Erodierender Glaube an sich selbst
Arbeitslosigkeit und der gesellschaftliche Umgang damit hinterlassen ihre Spuren im Selbstbewusstsein der Betroffenen. Der Glaube, etwas leisten zu können, geht vielen verloren: 21 Prozent der Arbeitslosen haben sehr starke Zweifel daran, Aufgaben bewältigen oder Probleme lösen zu können. Bei Langzeitarbeitslosen sind es sogar 35 Prozent und bei ihnen ist vor allem auch das andere Ende der Skala erwähnenswert: So gut wie niemand (3 Prozent) in dieser Gruppe hat noch einen stark gefestigten Glauben an sich selbst.
Arbeitslosigkeit rüttelt an den Festen des Selbstwerts und zerstört das Erleben von Sinn im Leben: 40 Prozent der Arbeitslosen erfahren ein starkes Gefühl von Sinnverlust, bei langer Erwerbslosigkeit sind es sogar 55 Prozent. In der erwerbstätigen Bevölkerung sind es nur 17 Prozent.
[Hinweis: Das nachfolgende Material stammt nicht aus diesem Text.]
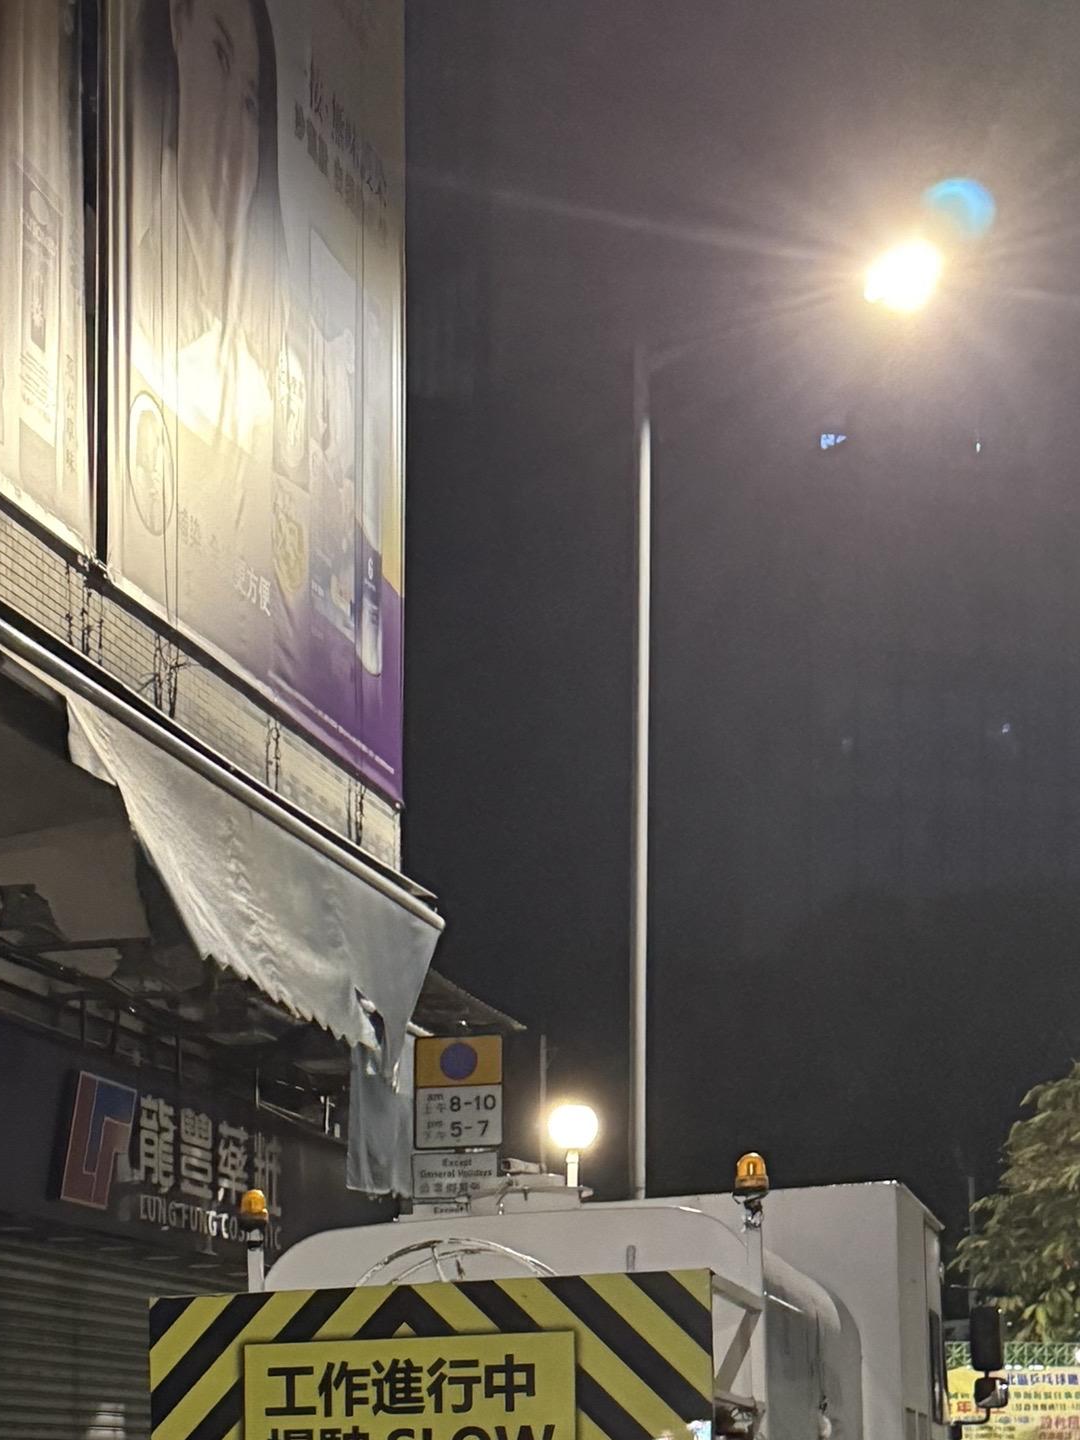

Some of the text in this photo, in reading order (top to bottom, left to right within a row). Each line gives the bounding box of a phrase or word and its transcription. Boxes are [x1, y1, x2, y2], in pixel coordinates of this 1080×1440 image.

[449, 1093, 496, 1113] 8-10
[442, 1158, 472, 1169] Except
[419, 1169, 455, 1179] General
[139, 1194, 178, 1228] LUNG
[180, 1201, 218, 1237] FUNG
[265, 1353, 536, 1418] 工作進行中
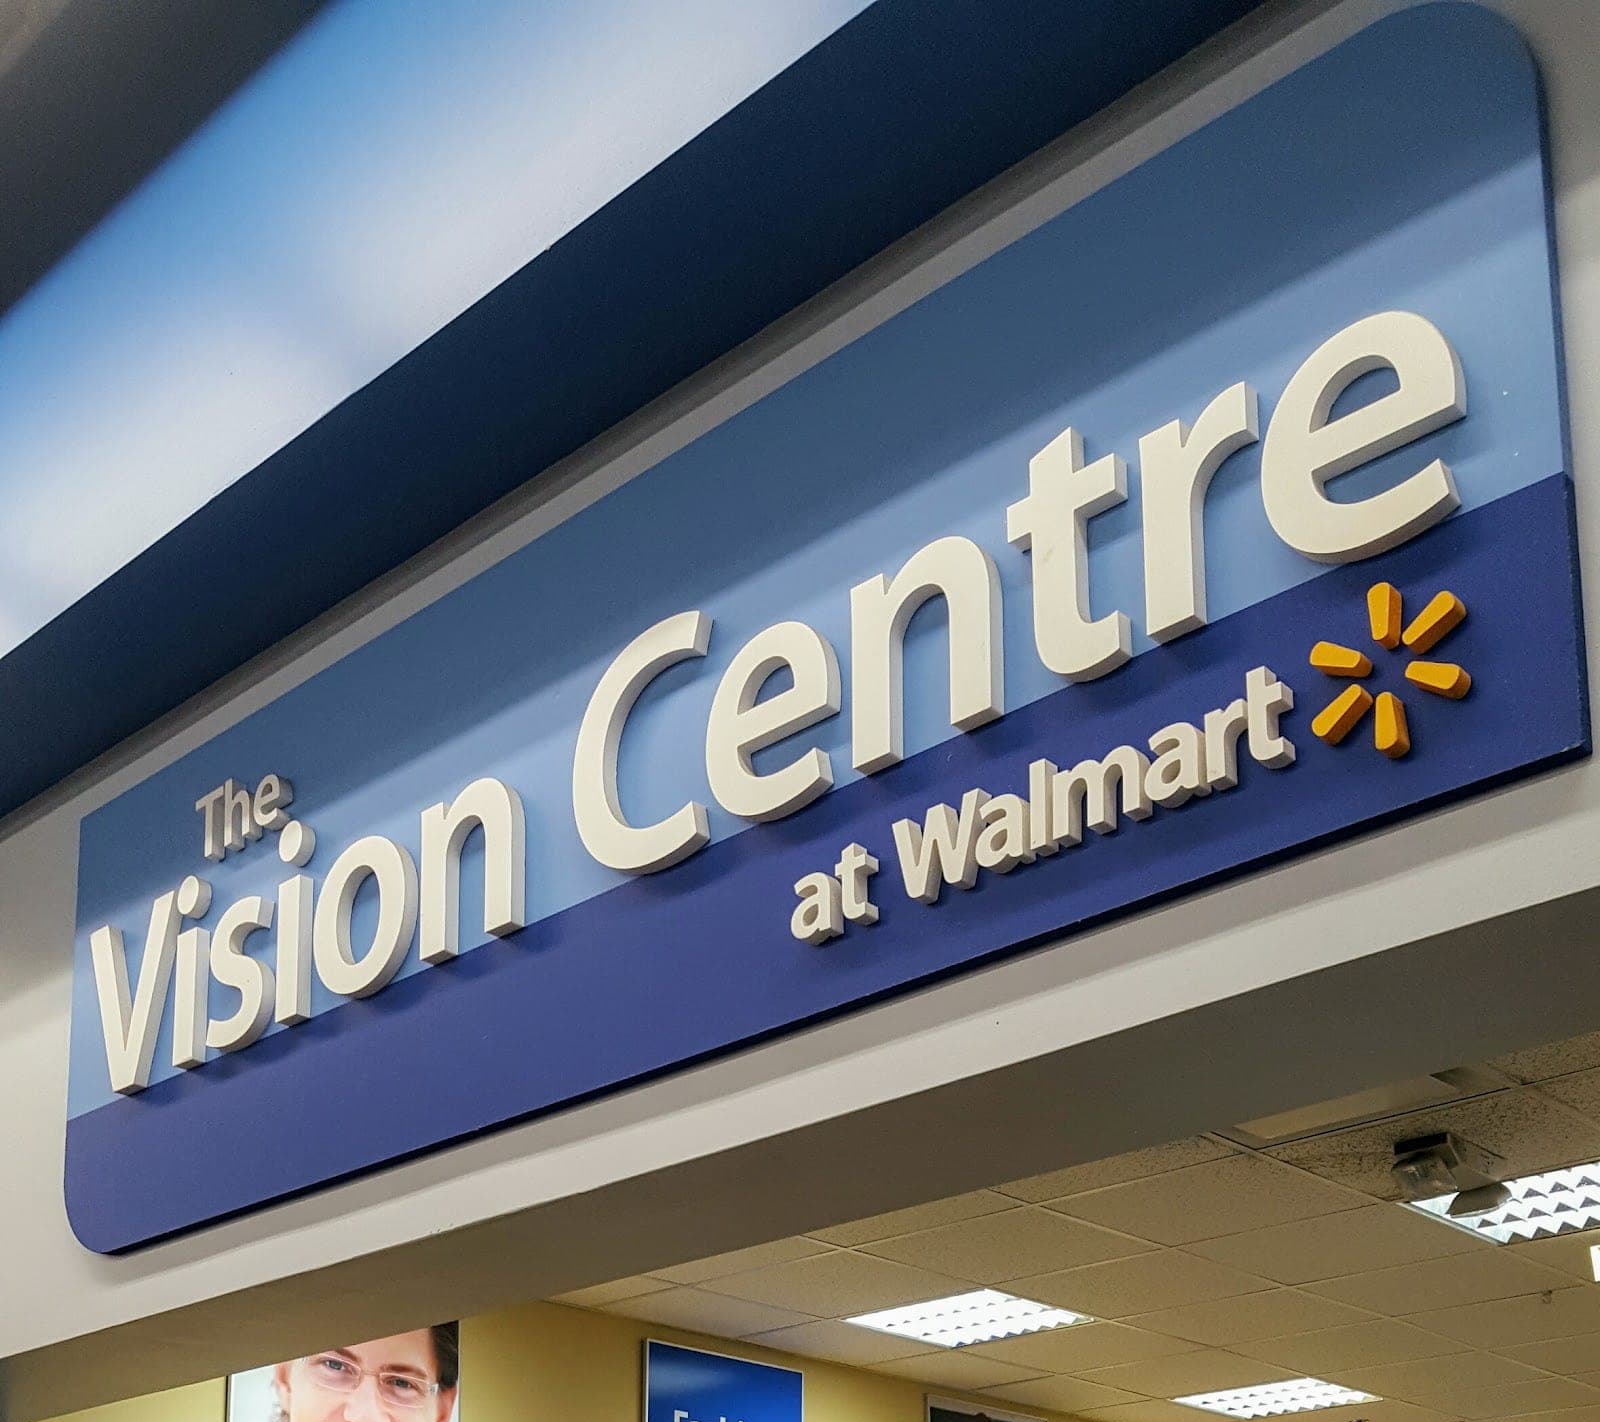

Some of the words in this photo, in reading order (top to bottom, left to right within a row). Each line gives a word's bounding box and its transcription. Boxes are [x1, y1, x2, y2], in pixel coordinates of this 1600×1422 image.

[90, 776, 526, 1096] Vision
[572, 311, 1467, 875] Centre
[195, 770, 294, 861] The
[790, 842, 880, 945] at
[893, 665, 1296, 904] Walmart
Arbeit stiftet Sinn und ist die Grundlage für ein selbstbewusstes und selbstbestimmtes Leben. Werden diese Grundfesten erschüttert, entfremdet sich der Mensch von seiner Gesellschaft, zieht sich zurück und fühlt sich ausgeschlossen.
Fazit
Die Sonderauswertung des Arbeitsklima-Index hat gezeigt, dass arbeitslose Menschen psychisch stark belastet sind und sich gesellschaftlich isoliert fühlen. Die Erkenntnisse der Pionierstudie „die Arbeitslosen von Marienthal“ haben somit nach über 90 Jahren immer noch ihre Gültigkeit. Die psychosozialen Folgen der Arbeitslosigkeit stehen in Zusammenhang mit dem in Österreich zu niedrigen Arbeitslosengeld. Angesichts der hohen Betroffenheit von Arbeitslosigkeit, insbesondere der Langzeitarbeitslosigkeit, gilt es, unmittelbar das Arbeitslosengeld armutsfest zu machen, d. h. die Nettoersatzrate sollte auf mindestens 70 Prozent angehoben werden.
Weiters müssen die Kapazitäten im Bereich des psychologischen und psychotherapeutischen Angebots rasch ausgebaut werden, begleitet von dringend notwendigen effektiven Maßnahmen gegen Langzeitarbeitslosigkeit. Höheres Arbeitslosengeld bedeutet auch insofern eine bessere Unterstützung, als es ein wesentlicher Faktor für die Erhöhung der Stabilität für die Betroffenen ist und ihnen dadurch auch mehr Zeit für eine Neuorientierung gibt. Auf diese Weise kann ein nachhaltiger Neustart im Berufsleben ermöglicht und der Weg zu einem selbstbestimmten und von der staatlichen Unterstützung unabhängigen Leben erleichtert werden.